Les Aventures de Rabbi Jacob en copie restaurée au cinéma

Le 10 juillet sortira sur grand écran la copie restaurée d’un film mythique de la comédie française : Les Aventures de Rabbi Jacob, de Gérard Oury. Alors, rien que pour le plaisir de voir danser une énième fois Louis de Funès, replongeons-nous dans ce petit régal.

Les Aventures de Rabbi Jacob est incontestablement une des comédies françaises les plus célèbres, de ces films qui parviennent à être « populaires » sans tomber dans le vulgaire.

Cette réussite n’est pas le fruit du hasard : en ce début d’années 70, le scénariste et réalisateur Gérard Oury est au sommet de sa carrière et de sa maîtrise. Il vient de réaliser La Folie des grandeurs, adaptation sauvage et hilarante du drame de Victor Hugo Ruy Blas, où il retrouvait pour la troisième fois Louis de Funès dans un rôle de ministre odieux pris dans une machination visant la couronne d’Espagne.

Pour la quatrième fois, Gérard Oury collaborera ici avec sa fille, Danièle Thompson, future réalisatrice de La Bûche. La précision de l’écriture et la qualité des répliques lui doivent beaucoup.

Enfin, Les Aventures de Rabbi Jacob bénéficie de la photographie d’Henri Decaë, qui avait travaillé avec Jean-Pierre Melville sur Le Silence de la mer ou Bob le flambeur, mais aussi avec Louis Malle (Ascenseur pour l’échafaud), René Clément (Plein soleil) ou Truffaut (Les quatre cents coups), entre autres. A la musique, on retrouve le formidable Vladimir Cosma.

Le cinéaste déploie ici l’étendue de son talent. Le film a un rythme impeccable, sans le moindre temps mort.

Gérard Oury joue sur différentes formes d’humour qui s’enchaînent à toute vitesse. D’abord l’humour de caractère avec l’inénarrable Victor Pivert. Là, il faut dire tout ce que le film doit à Louis de Funès, dont c’est ici l’un des meilleurs rôles. Comme d’habitude, l’acteur fait preuve d’une énergie impressionnante et joue énormément sur les mimiques. Il reprend ici le même type de rôle qui l’aura rendu célèbre, celui du personnage irascible et odieux, mais qui (à la différence d’autres films) va s’assagir, se polir à la rencontre d’une réalité qu’il ignorait jusque là : le monde juif.

Cette découverte sera d’autant plus drôle que Pivert va donc devoir se faire passer pour un rabbin, donc quelqu’un censé maîtriser les codes socio-religieux du judaïsme. Nous sommes ici dans un magnifique exemple d’humour de situation.

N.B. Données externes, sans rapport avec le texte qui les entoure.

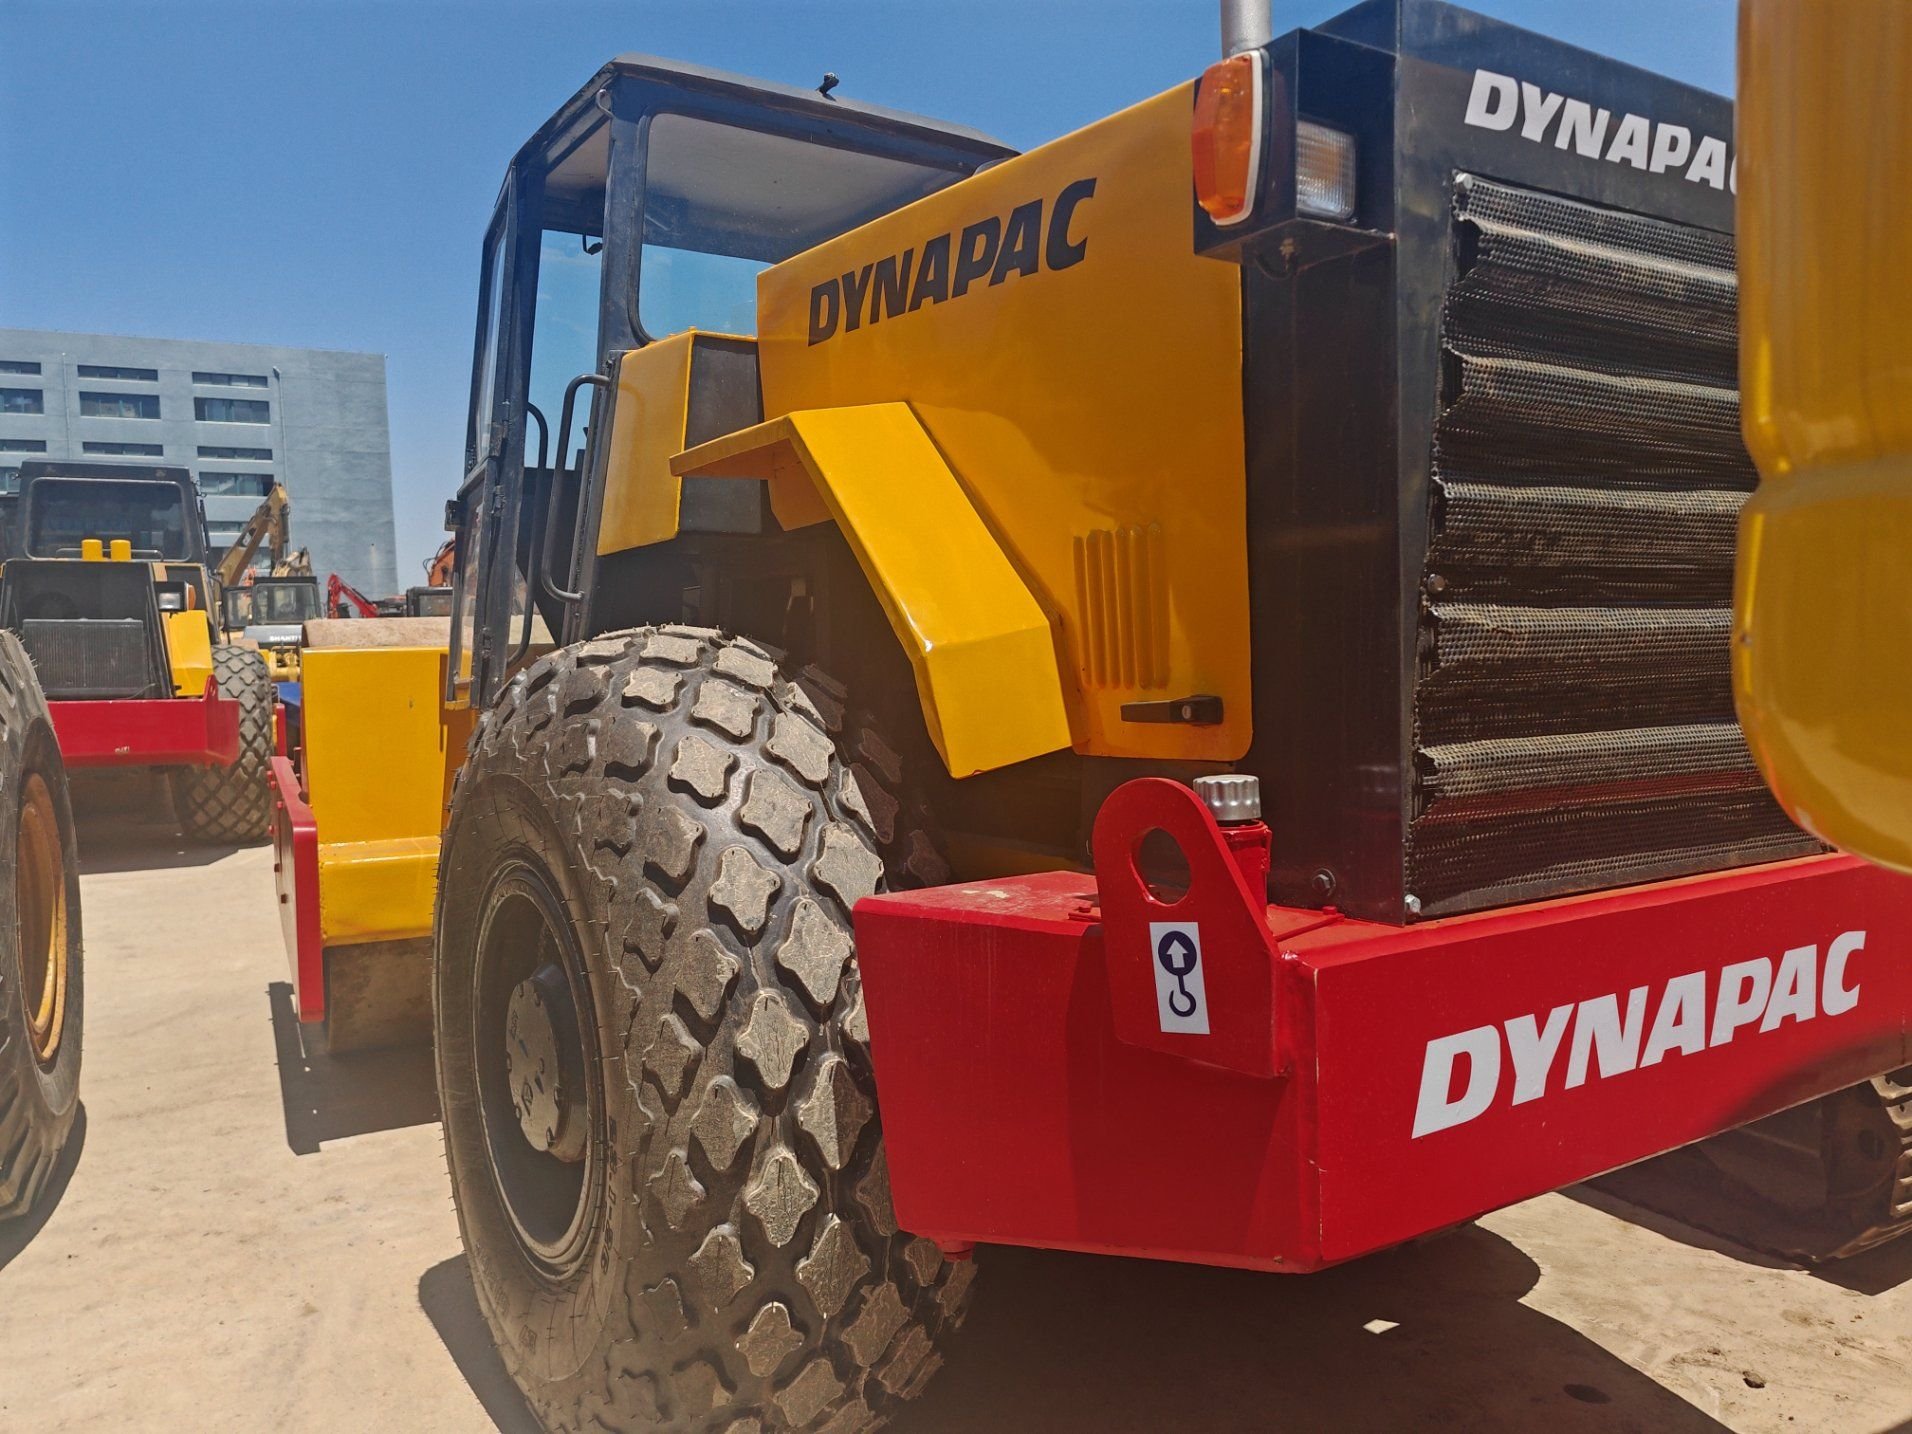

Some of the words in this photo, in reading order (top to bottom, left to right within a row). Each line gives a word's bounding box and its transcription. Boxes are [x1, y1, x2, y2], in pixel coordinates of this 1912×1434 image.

[1464, 69, 1738, 195] DYNAPA
[808, 177, 1097, 347] DYNAPAC
[1411, 930, 1866, 1139] DYNAPAC

Les dialogues aussi ne sont pas en reste, multipliant les jeux de mots et répliques cultes : « mais Salomon, vous êtes juif ? », « C’était Farès ? C’est effarant ! »…

Plus gros succès de l’année 1973, Les Aventures de Rabbi Jacob réussit de façon quasi-miraculeuse ce que beaucoup d’autres films essaient encore de faire de nos jours : une comédie sur un sujet grave (le racisme) qui ne tombe ni dans la caricature ni dans la leçon. Il faut dire que Gérard Oury accordait un soin tout particulier à l’écriture, son film fourmille d’idées et ne se contente pas, comme beaucoup de films paresseux actuels, de déployer une seule situation de départ.

Soyons francs : une copie restaurée, même en 4K, des Aventures de Rabbi Jacob ne révolutionnera pas fondamentalement le film. Mais cette œuvre de Gérard Oury est un rare moment de rire intelligent et salutaire. Écrit, réalisé et sorti dans une période sombre, au milieu des détournements d’avions et de la guerre du Kippour, le film est arrivé en plein pic de tension internationale au Proche-Orient. Comédie du vivre-ensemble qui sait ne pas se faire donneuse pédante de leçons, cette comédie est plus que jamais d’actualité.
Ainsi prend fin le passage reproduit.